TASK BRIEF:
Set the records down again exactly, apart from any pictures in them.

RECORDS SUPPLIED:

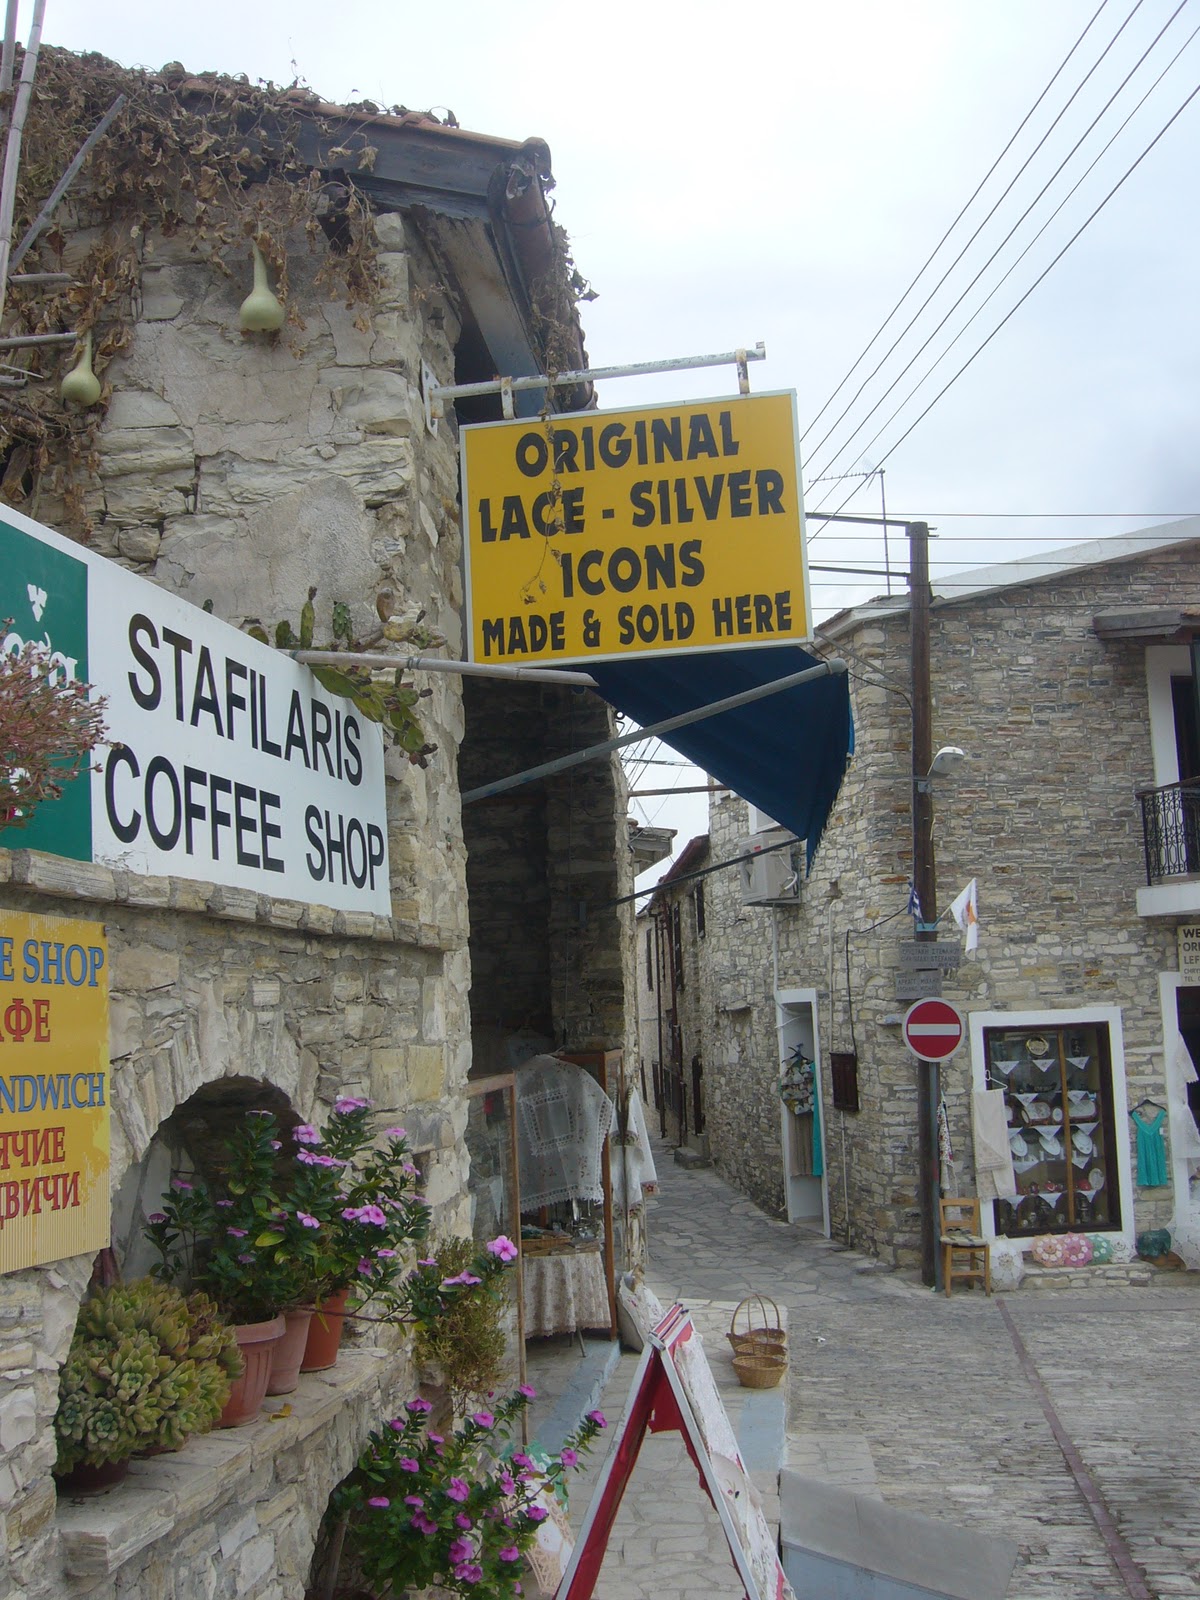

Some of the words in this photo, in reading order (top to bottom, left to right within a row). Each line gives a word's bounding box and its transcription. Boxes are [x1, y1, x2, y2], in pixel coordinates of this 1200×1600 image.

[515, 411, 739, 477] ORIGINAL
[478, 487, 586, 543] LACE
[629, 468, 786, 527] SILVER
[561, 539, 705, 598] ICONS
[482, 611, 565, 657] MADE
[582, 609, 601, 647] &
[617, 601, 695, 646] SOLD
[712, 590, 793, 637] HERE
[128, 613, 363, 786] STAFILARIS
[105, 744, 285, 874] COFFEE
[305, 804, 385, 890] SHOP
[23, 939, 104, 987] SHOP

SOLUTION:
Some of the words in this photo, in reading order (top to bottom, left to right within a row). Each line gives a word's bounding box and its transcription. Boxes are [x1, y1, x2, y2], in pixel coordinates of this 1200×1600 image.

[515, 411, 739, 477] ORIGINAL
[478, 487, 586, 543] LACE
[629, 468, 786, 527] SILVER
[561, 539, 705, 598] ICONS
[482, 611, 565, 657] MADE
[582, 609, 601, 647] &
[617, 601, 695, 646] SOLD
[712, 590, 793, 637] HERE
[128, 613, 363, 786] STAFILARIS
[105, 744, 285, 874] COFFEE
[305, 804, 385, 890] SHOP
[23, 939, 104, 987] SHOP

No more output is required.